I'm sure leagues like this already exist but man, wouldn't it be trippy to play in a league that only counted advanced metrics?  Forget about homers, runs, wins or ERA....this theoretircal League Of Fortune would only be scored on BABIP, SIERA, FIP, etc.  No longer would you complain only how your fantasy team "should" be doing, but rather, you could say things like, "man, my fantasy team should Should be doing better!" and be both correct and sounding like an idiot at the same time.  If only, if only. 

Anyway, speaking of being correct and sounding like an idiot, here is your weekly dose of statistical analysis delivered in my usual buffoonish manner.

Thine Eyes Deceive You: Starling Marte.  The young Pirates star was leading the league in hits entering Tuesday's play but was also near the top of the charts in another, more telling category --- Marte's .398 BABIP is a sign that some regression is on its way.  For all Marte's gifts, he was never a big on-base guy even in the minors so once his grounders stop finding holes and his fly balls stop leaving the yard at a 20.8% rate, Marte is due for some hard times.  The good thing is, though, Marte's prospect pedigree and his good stolen base numbers should make him a very solid piece of trade bait; just don't go overboard and try to move Marte for an established superstar outfielder. 

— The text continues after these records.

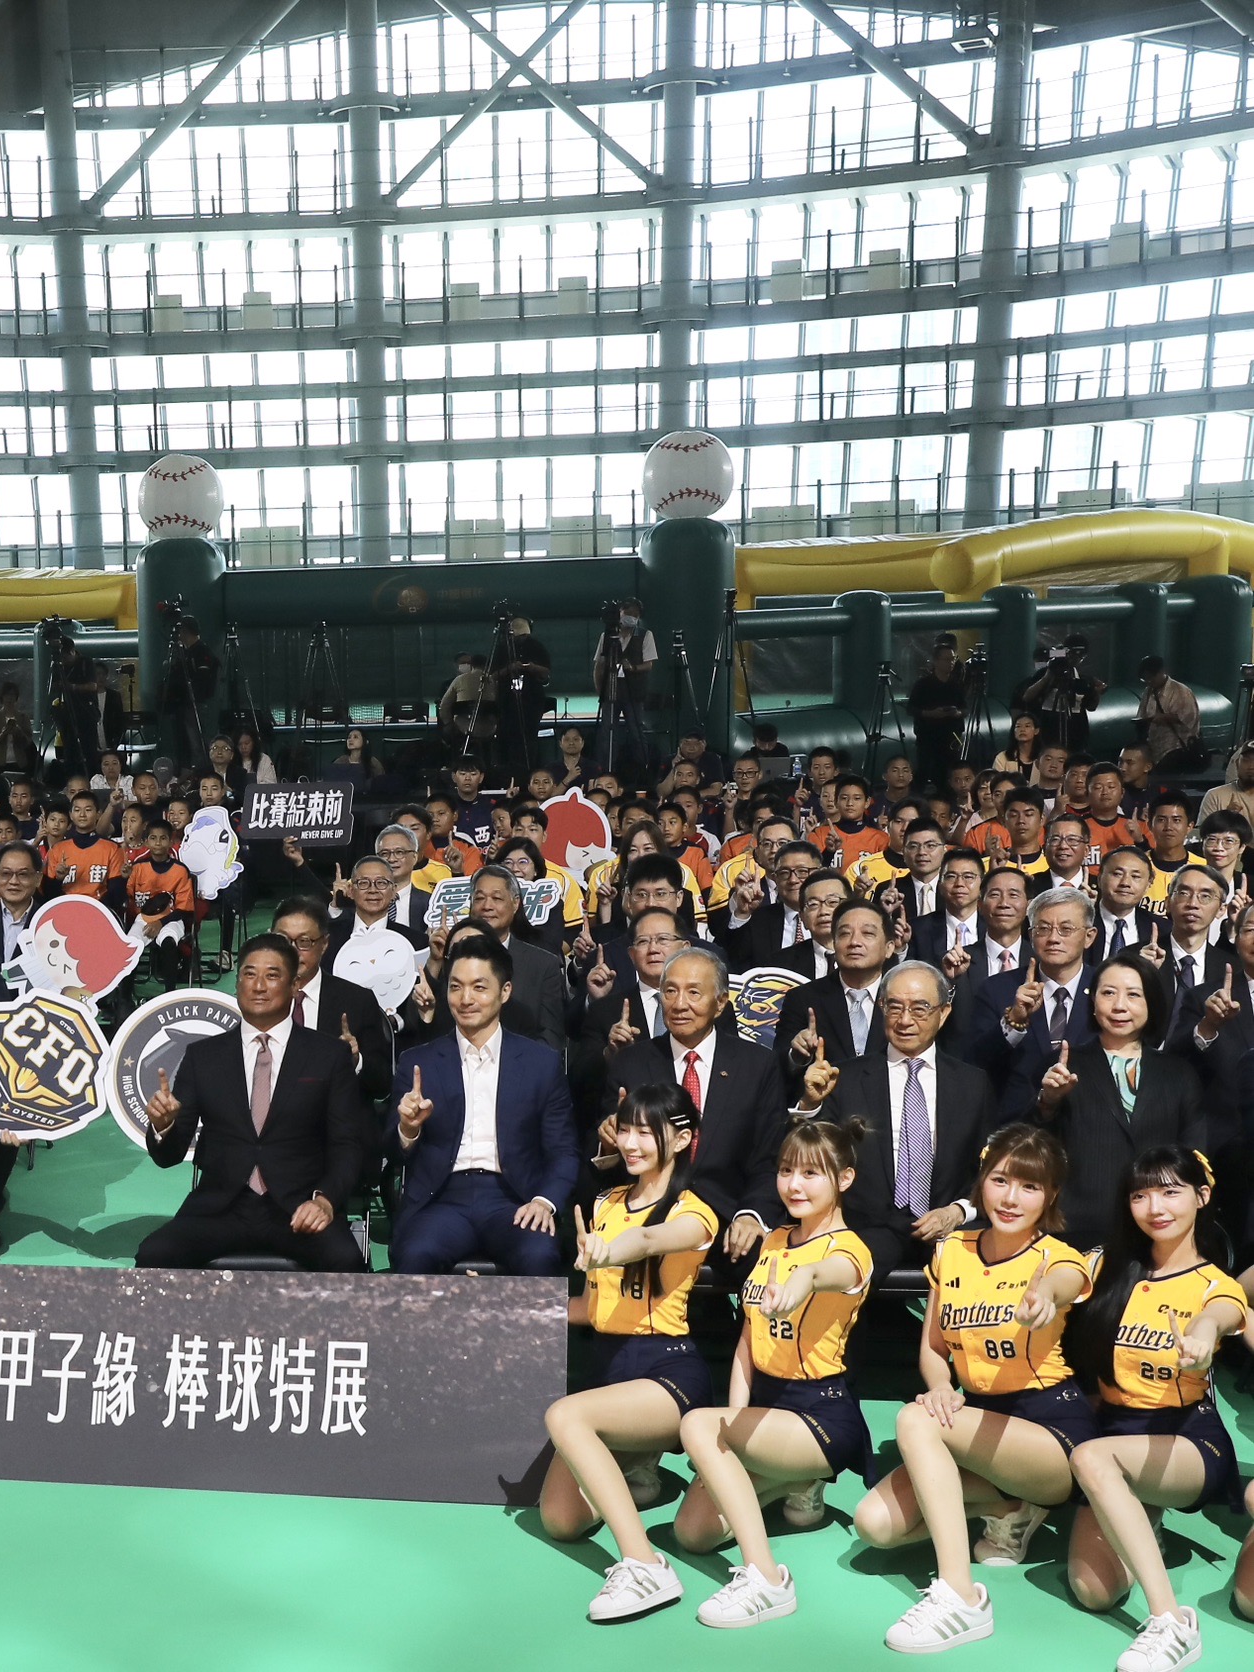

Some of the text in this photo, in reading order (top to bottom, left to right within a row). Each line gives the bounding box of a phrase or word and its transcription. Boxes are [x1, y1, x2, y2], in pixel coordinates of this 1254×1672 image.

[248, 789, 345, 830] 比賽結束前
[301, 829, 344, 840] NEVER GIVE UP
[59, 1019, 76, 1036] CTBC
[157, 1005, 238, 1029] BLACK PANT
[736, 1021, 762, 1040] TBC
[2, 1007, 95, 1098] CFO
[122, 1075, 151, 1128] HIGH SCHOOL
[11, 1107, 56, 1127] OYSTER
[939, 1300, 1016, 1331] Brothers
[768, 1318, 794, 1341] 22
[1115, 1322, 1176, 1352] others
[984, 1338, 1017, 1360] 88
[1140, 1361, 1174, 1381] 29
[162, 1334, 369, 1437] 棒球特展

Of course, from a pity standpoint, I hope Marte keeps it going all year long, since Pirates fans deserve some good luck after the last couple of decades.  One can't escape facts, however, and thus I hate to say that Marte's awesome start to the season seems destined to fizzle out.  You might say that a big season for Marte...(puts on sunglasses) isn't in the stars.  YEAHHHHHH

Move It Along, Nothing To See Here: Mike Moustakas.  In fact, if Bucs fans want to see a worst-case scenario for what the rest of Marte's 2013 campaign could look like, take a gander at the Moose.   The Royals third baseman got off to a great start in 2012, posting a .909 OPS through April, but slowly declined throughout the rest of the season.  He held it together for a respectable .749 OPS over the next two months and then really hit the skids, hitting just .221/.264/.357 over his last 77 games and finishing with a .296 OBP for the season.  The new season hasn't provided a fresh start, as Moustakas has just a .565 OPS in 2013. 

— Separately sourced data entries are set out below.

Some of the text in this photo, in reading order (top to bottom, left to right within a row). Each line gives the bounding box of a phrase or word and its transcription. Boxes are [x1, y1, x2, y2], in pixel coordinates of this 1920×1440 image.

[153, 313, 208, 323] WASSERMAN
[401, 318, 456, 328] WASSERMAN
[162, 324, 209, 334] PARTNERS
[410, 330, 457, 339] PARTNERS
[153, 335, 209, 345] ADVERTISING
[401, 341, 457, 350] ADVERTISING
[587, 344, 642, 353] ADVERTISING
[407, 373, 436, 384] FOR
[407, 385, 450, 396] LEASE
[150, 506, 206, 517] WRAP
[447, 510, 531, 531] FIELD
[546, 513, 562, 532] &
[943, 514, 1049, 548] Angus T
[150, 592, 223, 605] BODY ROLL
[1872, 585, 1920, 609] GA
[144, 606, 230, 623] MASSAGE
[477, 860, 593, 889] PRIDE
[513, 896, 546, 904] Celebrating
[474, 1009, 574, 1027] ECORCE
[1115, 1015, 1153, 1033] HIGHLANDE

Plate discipline is one of the hardest skills for young hitters to master and don't forget, Moustakas is just 24 years old --- he might need a little more seasoning before you (or the Royals) can count on him as a reliable everyday option.  If you drafted Moustakas hoping he'd figure it out this season, I'd cut bait now and look elsewhere at the hot corner.  I say this despite the fact that Moustakas actually has a career-best (at any level) 9.6% walk rate and his BABIP is only .218 but I question if these are signs of a forthcoming breakout this season or just signs that Moustaskas will eventually be a worthwhile big leaguer down the road.  I mean, as Alex Gordon taught us, Royals prospects have to break our hearts for at least three or four years before finally delivering, right?

Move It Along, Nothing To See Here (Besides Something): Anthony Rizzo.  There was a mass evacuation of the Rizzo bandwagon a couple of weeks ago when the Cubs first baseman was hitting a measly .173/.256/.420 following the Cubs' 4-3 win over the Marlins on April 25.  Rizzo proceeded to post a 1.350 OPS over his next 48 PA, however, so I think we can safely hold off on calling Rizzo a bust and, I dunno, blaming Steve Bartman for it, somehow.  Rizzo should finish the year somewhere in the .850-.900 OPS range, since while his 23.7% home run rate is sure to come down, the fact that he's hitting more fly balls overall (a rather large 42.7%) won't hurt him much in the friendly confines of Wrigley Field.  Throw in the homers, throw in a healthy walk rate that will be helped by a healthy dose of free passes (I mean, have you SEEN the rest of the Cubs lineup?) and Rizzo should be good to go for the rest of the season.  My only hesitation is that I'd sit him against a quality left-handed starter, so hopefully you have a decent first base backup on your fantasy roster. 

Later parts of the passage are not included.